At the International Mathematical Olympiad (IMO) this year, an AI from Google DeepMind won a silver medal, marking the first time an AI has placed on the podium.
For young mathematicians, the IMO is regarded as the most prestigious competition in the world. The mathematical skills that AI systems generally lack are necessary to correctly answer its test questions.
AlphaGeometry, an AI system that could respond to some IMO geometry problems just as well as humans, was demonstrated in January by Google DeepMind. But this wasn’t from a live competition, and it wasn’t able to respond to problems from other mathematical fields, such combinatorics, algebra, and number theory, which are required to receive an IMO medal.
Recently, AlphaProof, a new artificial intelligence system from Google DeepMind, and AlphaGeometry, an enhanced version of the latter, have been made available for use in solving a greater number of geometry issues.
The team received a score of 28 out of 42 points when they tested both systems simultaneously on this year’s IMO questions, answering four of the six questions correctly. This was just one point shy of the gold medal requirement for this year, but still good enough to win a silver medal.
58 competitors took home gold at the competition held in Bath, UK, last week, while 123 others took home silver.
The majority of mathematical problems will someday be solved by AI more effectively than by humans, as we are all well aware, but according to IMO President Gregor Dolinar, the pace at which AI is developing is astounding. It is really impressive to have missed the gold medal at IMO 2024 by only one point a few days ago.

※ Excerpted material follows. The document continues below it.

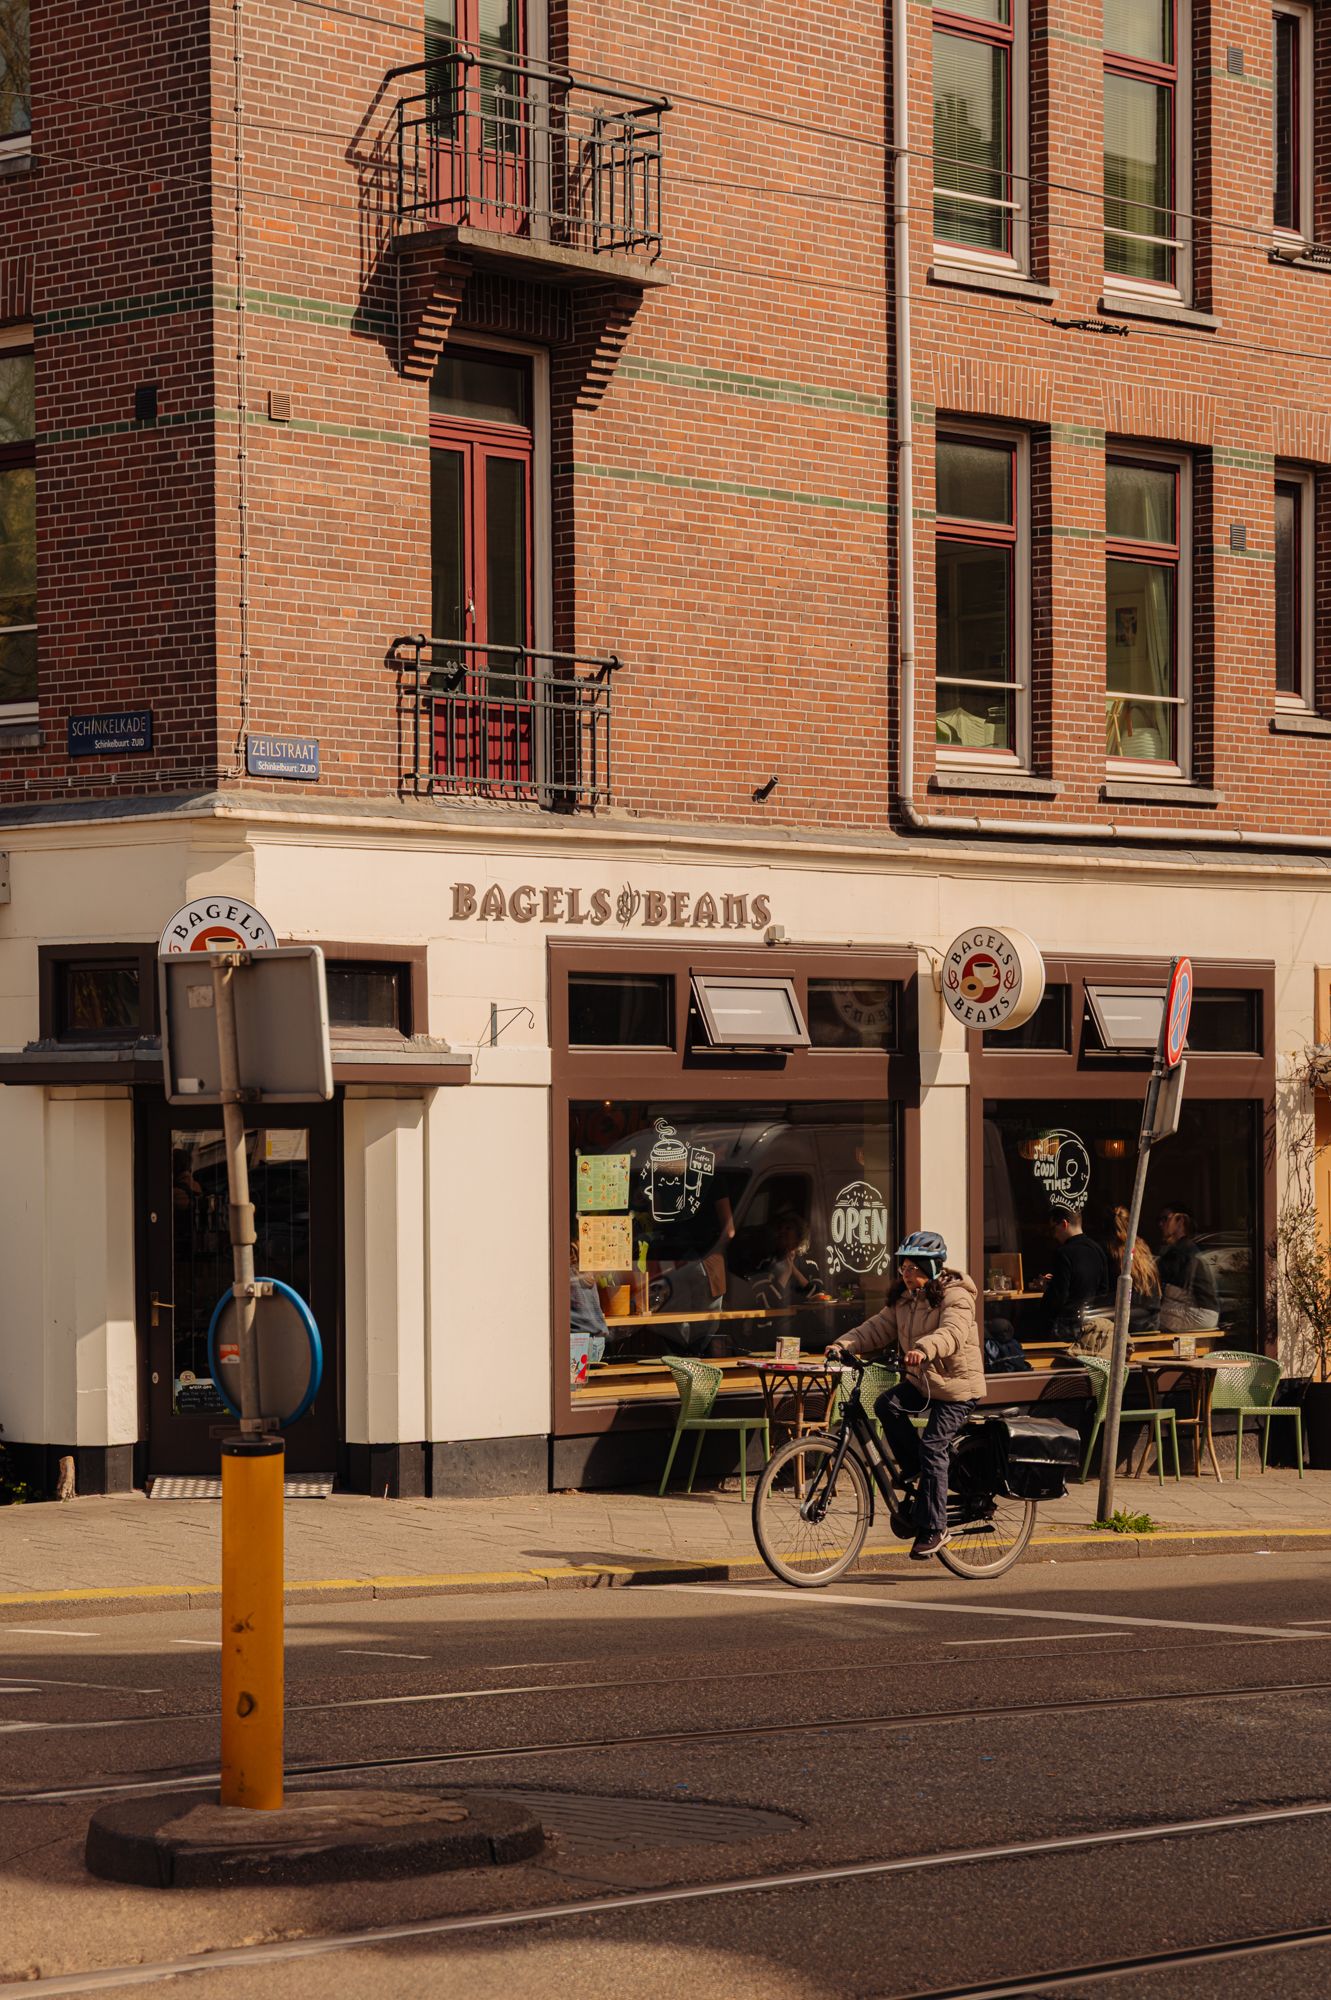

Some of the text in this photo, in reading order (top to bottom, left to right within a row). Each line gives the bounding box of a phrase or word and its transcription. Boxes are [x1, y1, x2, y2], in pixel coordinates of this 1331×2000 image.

Timothy Gowers of the University of Cambridge, who assisted in grading AlphaProof’s responses, claimed during a press conference that the AI’s performance was unexpected and that it seemed to find “magic keys” to solve issues in a manner that was comparable to that of humans. In one or two cases, it was somewhat surprising to learn that the software had actually located these magic keys, as Gowers had assumed they would be a bit beyond its capabilities.
Like Google DeepMind’s earlier AIs that can defeat the greatest human chess and go players, AlphaProof operates in a similar manner. Reinforcement learning, a trial-and-error method, is the foundation of all these AIs; via repeated attempts, the system figures out how to solve an issue on its own. IMO-like problems are typically stated in English, but this method requires a huge variety of problems written in a language that the AI can comprehend and verify.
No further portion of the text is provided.